In wildlife parks around the world, recent carnivore reintroduction programs have left scientists and wildlife officials wondering: what happens to animals who have never known predators?

A recent report in the journal Science suggests that formerly "predator-naive" moose can learn to be wary of reintroduced wolves and grizzly bears—quickly.


Disguised as a moose, biologist Joel Berger and his research partner can get close enough to toss urine-scented snowballs at thier subjects and play wolf howls to test the moose's reaction to the scent of predators.




Photo by Joel Berger


Pleistocene Extinctions

The report likens the naivete of moose in predator-free zones to conditions that existed at the end of the Pleistocene era, approximately 10,000-50,000 years ago.

As human hunters spread around the globe in those years, they unleashed a blitzkrieg on prey species that had never learned to fear them. The result of this, plus a possible change in the climate, was the extinction of more than half of the world's large animal species.

The circumstances surrounding the post-Pleistocene extinctions are similar to the present conditions in carnivore-free zones in many areas in the "lower 48" United States and western Europe, where wolves and bears have been hunted to extinction, or forcibly removed to protect other species.

"One consequence of predator extinction is that the prey may lose knowledge of its predators," says Joel Berger, a biologist and one of the authors of the report.

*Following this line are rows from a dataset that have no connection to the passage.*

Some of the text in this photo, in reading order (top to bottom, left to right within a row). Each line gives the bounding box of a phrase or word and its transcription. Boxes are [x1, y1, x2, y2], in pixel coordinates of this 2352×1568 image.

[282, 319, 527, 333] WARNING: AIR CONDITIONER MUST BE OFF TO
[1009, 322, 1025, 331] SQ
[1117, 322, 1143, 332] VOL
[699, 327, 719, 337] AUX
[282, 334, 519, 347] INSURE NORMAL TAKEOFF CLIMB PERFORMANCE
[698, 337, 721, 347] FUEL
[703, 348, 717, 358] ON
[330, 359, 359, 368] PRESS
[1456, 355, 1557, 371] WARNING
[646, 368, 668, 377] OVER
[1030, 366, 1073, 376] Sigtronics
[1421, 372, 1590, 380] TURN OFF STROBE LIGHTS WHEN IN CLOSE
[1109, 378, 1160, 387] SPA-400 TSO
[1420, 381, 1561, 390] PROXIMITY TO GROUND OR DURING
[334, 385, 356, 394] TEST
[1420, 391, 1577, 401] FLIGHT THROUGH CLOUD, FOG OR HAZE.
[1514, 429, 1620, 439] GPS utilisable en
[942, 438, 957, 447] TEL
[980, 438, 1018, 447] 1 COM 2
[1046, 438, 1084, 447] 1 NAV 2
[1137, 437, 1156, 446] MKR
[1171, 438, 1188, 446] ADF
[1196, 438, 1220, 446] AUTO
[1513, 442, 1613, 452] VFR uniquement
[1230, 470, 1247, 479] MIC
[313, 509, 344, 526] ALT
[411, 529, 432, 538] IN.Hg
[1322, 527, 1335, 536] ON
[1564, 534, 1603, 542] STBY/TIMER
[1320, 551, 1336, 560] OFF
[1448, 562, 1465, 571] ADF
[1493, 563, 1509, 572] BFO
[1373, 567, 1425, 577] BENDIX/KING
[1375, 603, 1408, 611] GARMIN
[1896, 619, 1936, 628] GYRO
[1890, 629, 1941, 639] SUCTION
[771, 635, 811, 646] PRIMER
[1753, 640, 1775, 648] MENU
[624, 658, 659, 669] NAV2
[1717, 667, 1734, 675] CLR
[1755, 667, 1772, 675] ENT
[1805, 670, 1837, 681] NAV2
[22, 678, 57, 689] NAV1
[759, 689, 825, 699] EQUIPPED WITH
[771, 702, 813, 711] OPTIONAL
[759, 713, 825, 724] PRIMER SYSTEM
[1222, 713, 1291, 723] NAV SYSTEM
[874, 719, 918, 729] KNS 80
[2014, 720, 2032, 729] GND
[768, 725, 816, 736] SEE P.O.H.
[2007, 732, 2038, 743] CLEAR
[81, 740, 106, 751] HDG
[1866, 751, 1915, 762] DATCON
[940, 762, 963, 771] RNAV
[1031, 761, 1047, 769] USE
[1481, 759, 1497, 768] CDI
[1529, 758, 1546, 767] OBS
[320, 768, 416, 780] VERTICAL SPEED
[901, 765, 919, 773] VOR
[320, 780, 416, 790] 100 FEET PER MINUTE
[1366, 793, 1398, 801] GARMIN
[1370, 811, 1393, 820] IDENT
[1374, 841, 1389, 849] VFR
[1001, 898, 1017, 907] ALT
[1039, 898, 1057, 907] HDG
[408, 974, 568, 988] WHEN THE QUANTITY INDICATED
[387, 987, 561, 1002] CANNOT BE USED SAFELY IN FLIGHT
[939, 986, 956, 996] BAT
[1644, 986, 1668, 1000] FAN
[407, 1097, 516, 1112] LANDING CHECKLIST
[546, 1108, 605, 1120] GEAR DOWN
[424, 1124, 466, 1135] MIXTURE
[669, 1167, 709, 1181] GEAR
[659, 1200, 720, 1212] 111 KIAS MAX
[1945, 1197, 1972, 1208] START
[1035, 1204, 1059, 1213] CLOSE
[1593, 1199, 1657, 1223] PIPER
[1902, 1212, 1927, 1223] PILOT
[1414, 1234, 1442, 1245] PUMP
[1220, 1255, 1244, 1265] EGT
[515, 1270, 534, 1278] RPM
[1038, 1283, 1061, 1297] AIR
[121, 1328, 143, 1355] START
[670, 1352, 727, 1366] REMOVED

However, the "fact that at least one prey species [the moose] quickly learns to be wary of restored carnivores should negate fears about localized prey extinction," write the scientists.

Learning to Fear

Berger and his colleagues studied the responses of moose to predator sounds and scents in areas where predators were present, predator-free zones, and areas where predators had recently been reintroduced after several decades of absence.

Naive moose—who had not been exposed to predators in decades—were less sensitive to traditional predator cues. In some cases, when presented with the scent of wolf or bear, they casually approached the scent, and did not depart the area.

In comparison, moose in Alaska accustomed to living among wolves were 250 times more likely to bristle at the sound of a wolf howl, say the scientists. Even the call of a raven, a scavenger whose presence often signals a fresh carcass and possibly a nearby predator, was likely to make the moose more alert.

Where predators had been recently reintroduced, such as Yellowstone National Park, the moose seemed to be showing signs of learning fear.

"The moose are still non-responsive to odors—relative to those in Alaska," says Berger. "However, they are learning to respond to howls."

"The response is somewhat puzzling because wolves don't howl when they are hunting. Fearing the wolves' howl appears to be just the first tier of learning," he says.

Some females who had lost their young to predators seemed to develop a "hypersensitivity" to howls. The magnitude of their reactions exceeded those of predator-experienced moose in Alaska, says Berger.

Scientists in a Moose Suit

Berger uses an unorthodox method to get up close and personal with his subjects.

He dons a moose suit, created by a costume designer who worked on Star Wars. With the help of a research partner who makes up the "rear," the two imitate the lumbering gate of their subjects, which allows them to move within observation distance.

To test a moose's response to predators, Berger lobs snowballs soaked with wolf, bear and human urine at the moose. He also plays recordings of wolf howls.

While he can't speak for other species, Berger says that the moose observations are encouraging. Their ability to learn to fear introduced predators suggests a survival instinct that may not have been present in post-Pleistocene animals that became extinct.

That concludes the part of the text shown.